High-speed camera. For analysis of the process, high speed video was employed based on a Phantom v12.1 camera matched to a Navitar ×12 long working distance microscope. The imaging was conducted under back-lighting by a focused 10 W white LED light source, at 20.5 kfps, 48 μs exposure time, and 2 μm per pix resolution imaging. Due to the curvature of the quartz tube at the oven outlet, the clearest view was of the pipe center, while visibility was somewhat reduced once the process got underway by the release of large amounts of “smoke”.

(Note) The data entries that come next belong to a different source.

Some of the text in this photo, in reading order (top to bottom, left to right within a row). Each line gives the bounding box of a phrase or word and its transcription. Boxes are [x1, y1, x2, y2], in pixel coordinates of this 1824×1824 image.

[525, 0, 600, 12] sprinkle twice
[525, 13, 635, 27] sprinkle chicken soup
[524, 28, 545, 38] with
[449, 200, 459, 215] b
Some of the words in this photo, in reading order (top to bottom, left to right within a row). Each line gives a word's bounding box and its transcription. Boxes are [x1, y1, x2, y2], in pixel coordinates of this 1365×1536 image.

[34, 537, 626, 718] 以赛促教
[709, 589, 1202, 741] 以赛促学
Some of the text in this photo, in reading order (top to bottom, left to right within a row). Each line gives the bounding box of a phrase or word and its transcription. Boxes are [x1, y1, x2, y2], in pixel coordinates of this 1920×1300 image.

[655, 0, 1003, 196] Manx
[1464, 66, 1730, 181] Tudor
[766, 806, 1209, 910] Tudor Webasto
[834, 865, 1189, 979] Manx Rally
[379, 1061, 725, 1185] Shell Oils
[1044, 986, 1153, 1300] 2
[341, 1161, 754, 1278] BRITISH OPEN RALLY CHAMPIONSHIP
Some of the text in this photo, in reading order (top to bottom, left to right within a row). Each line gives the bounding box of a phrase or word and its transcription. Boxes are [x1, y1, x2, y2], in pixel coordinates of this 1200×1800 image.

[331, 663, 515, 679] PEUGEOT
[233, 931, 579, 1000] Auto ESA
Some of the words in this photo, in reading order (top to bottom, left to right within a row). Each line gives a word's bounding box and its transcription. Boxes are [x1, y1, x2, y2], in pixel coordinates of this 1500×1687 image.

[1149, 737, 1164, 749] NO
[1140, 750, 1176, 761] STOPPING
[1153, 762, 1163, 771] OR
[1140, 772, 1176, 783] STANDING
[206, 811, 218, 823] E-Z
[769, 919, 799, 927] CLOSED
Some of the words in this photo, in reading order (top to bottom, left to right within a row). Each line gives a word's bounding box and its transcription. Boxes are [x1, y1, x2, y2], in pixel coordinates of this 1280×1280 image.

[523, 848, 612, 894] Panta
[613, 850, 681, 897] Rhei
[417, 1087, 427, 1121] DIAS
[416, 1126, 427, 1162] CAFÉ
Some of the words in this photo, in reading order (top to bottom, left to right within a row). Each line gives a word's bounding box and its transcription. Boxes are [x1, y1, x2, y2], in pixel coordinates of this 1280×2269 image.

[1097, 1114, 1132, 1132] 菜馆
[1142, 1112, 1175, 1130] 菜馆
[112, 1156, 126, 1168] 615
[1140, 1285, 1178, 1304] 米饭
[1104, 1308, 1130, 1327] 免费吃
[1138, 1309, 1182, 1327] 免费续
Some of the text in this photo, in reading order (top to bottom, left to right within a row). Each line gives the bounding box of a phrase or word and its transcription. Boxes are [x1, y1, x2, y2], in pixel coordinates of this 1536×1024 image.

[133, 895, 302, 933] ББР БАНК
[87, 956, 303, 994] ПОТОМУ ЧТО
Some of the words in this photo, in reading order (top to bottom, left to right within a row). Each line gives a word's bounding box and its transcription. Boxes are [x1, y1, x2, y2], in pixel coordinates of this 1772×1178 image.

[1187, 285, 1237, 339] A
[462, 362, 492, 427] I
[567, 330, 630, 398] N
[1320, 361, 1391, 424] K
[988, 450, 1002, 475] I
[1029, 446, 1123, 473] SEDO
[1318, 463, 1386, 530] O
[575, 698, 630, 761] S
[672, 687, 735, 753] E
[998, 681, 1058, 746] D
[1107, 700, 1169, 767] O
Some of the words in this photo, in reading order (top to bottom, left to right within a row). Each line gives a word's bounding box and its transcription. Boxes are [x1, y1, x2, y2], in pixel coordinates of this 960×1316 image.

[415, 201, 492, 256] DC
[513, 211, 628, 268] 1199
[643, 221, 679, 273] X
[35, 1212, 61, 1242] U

Testing of catalysts performance. Prepared catalysts were placed at the center of quartz tube (11 mm OD) by dispersing in quartz wool. Before testing the catalytic activity, the catalysts were reduced at 800 °C for 1 hour at 25 sccm of Ar and H₂ gases flow. This process is used to reduce NiO (formed during the cleaning step) to metallic Ni. The dry reforming performance of catalysts was tested under different gas hourly space velocity (GHSV) viz. 18.5, 50, and 100 (L g_cat⁻¹ h⁻¹). The catalytic reaction was initiated by feeding a mixture of CH₄ and CO₂ with a molar ratio of unity over the catalyst. The conversion of CH₄ and carbon dioxide into carbon monoxide and hydrogen was monitored using an SRI gas chromatograph fitted with MS-13X and Haysep-C packed columns. Hydrogen was detected using a nitrogen carrier and TCD detector. CO₂, CO, and CH₄ were detected by an FID detector with a methanizer placed directly upstream.

Results and discussion

Synthesis and characterization of the Ni/La₂O₂CO₃ catalyst

In order to prepare the Ni/La₂O₂CO₃ catalyst, we first synthesized lanthanum and nickel complexes of the nitrogen-rich bis(1H-tetrazol-5-yl)amine (BTA) ligand, the former of which is reported for the first time here. Since BTA exhibits very poor solubility in aqueous solutions at neutral pH, it was converted to a much more water-soluble diammonium 5,5′-azanediylbis(tetrazol-1-ide) salt (ammonium–BTA).^34,35 The latter nitrogen-rich salt was reacted with Ni(ClO₄)₂·6H₂O and with LaCl₃·7H₂O in aqueous solutions at elevated temperatures to yield Ni(BTA)₂ and [La(BTA)₂(H₂O)₅⁻][H₃O⁺]·2H₂O complexes respectively (Fig. 1).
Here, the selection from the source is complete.